Amber L. Carter
Writer. Professional Intuitive. Pop Culture Obsessive.


The Bachelor: Season 22 Preview: Arie Likes To Kiss!'

Welcome, lovers, to the preview of season 22 of The Bachelor: Arie Likes To Kiss


Or, as ABC likes to say: Welcome to Janu-ARIE! 

(FTR, the last time ABC did a play on "January" to includes a Bachelor's name, it was "JUAN-uary" for Juan Pablo, which, to date, is probably the most disastrous season of all time. So...the fact that they're doing it again bodes REALLY well!)

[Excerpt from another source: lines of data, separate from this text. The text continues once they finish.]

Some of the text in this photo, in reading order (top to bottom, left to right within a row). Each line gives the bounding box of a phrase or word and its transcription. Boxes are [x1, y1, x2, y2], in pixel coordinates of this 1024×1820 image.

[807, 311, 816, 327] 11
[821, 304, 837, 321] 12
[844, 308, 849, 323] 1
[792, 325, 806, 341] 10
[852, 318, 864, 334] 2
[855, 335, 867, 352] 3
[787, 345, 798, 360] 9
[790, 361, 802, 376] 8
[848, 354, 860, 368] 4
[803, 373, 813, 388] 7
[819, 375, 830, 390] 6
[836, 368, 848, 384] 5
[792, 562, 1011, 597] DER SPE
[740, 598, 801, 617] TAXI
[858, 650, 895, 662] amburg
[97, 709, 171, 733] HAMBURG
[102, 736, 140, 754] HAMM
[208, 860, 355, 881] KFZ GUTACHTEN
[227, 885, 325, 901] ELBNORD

I know that a lot of people in Bachelor Nation are pessimistic and even a little pissed that ABC is bringing back Arie to be the Bachelor, instead of choosing someone from Rachel's season, like fan-favorites Dean or Peter. And those people are fucking stupid, and they can all punch in their time cards and take their leave of Bachelor Nation, since clearly they haven't been here for very long and therefore don't have opinions that remotely count. If you're pissed about Arie being "old", I kindly invite you to STFU, because hi, hello: THE WHOLE ORIGINAL POINT OF THIS GODDAMN SHOW IS TO FIND A BACHELOR WHO IS ACTUALLY READY TO FIND THE LOVE OF THEIR LIFE AND THEN GET MARRIED TO THEM. 

And you know who those people generally are? PEOPLE WHO ARE OLDER THAN TWENTY-FUCKING-SIX YEARS OLD, GUYYYSSSS.

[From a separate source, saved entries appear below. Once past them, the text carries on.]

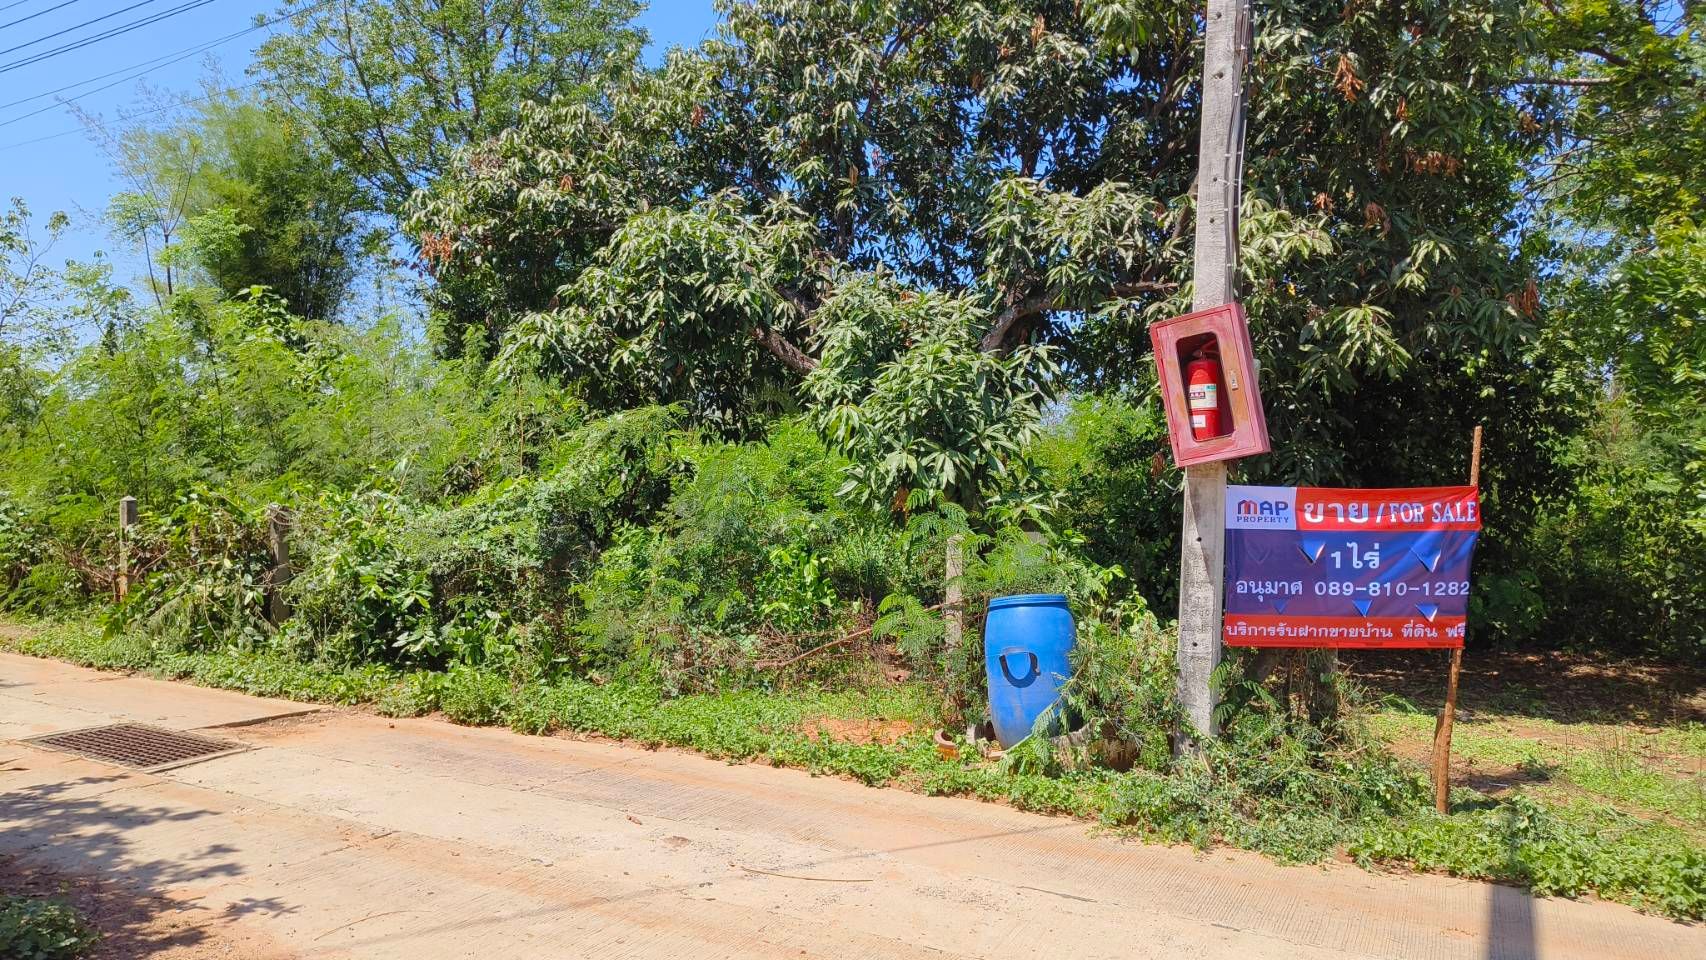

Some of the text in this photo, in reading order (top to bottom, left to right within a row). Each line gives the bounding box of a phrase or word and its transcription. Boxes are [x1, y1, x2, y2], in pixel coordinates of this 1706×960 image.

[1237, 499, 1289, 515] MAP
[1304, 502, 1369, 523] ขาย
[1432, 501, 1477, 522] SALE
[1236, 515, 1289, 523] PROPERTY
[1235, 580, 1470, 602] อนุมาศ 089-810-1282
[1225, 621, 1393, 638] บริการรับฝากขายบ้าน
[1401, 619, 1438, 638] ที่ดิน

I, for one, am actually pretty excited about Arie being The Bachelor this season. His presence harkens back to what I like to think of as The Golden Age of The Bachelor franchise: When the show actually showcased accomplished people with personalities who had their shit together and actually wanted to find love, versus lame-ass aspiring Instagram "Influencers" who just wanted to get on Dancing With The Stars. That little curve in Bachelor History that included Jason, Jillian, Brad, Ashley, Ben F., Emily, Sean, and Andi was a little wormhole in time where everything was champagne and hot tubs and roses, the Bachelor/ette were actual adults, and everyone actually went on breathtaking, once-in-a-lifetime dates AND to glamorous worldwide destinations (I will admit that ABC definitely stepped it up for Nick and Rachel's season when it came to traveling, and I choose to believe that that was a direct result of my pointed tweets at producers and so you can all thank me personally for that). 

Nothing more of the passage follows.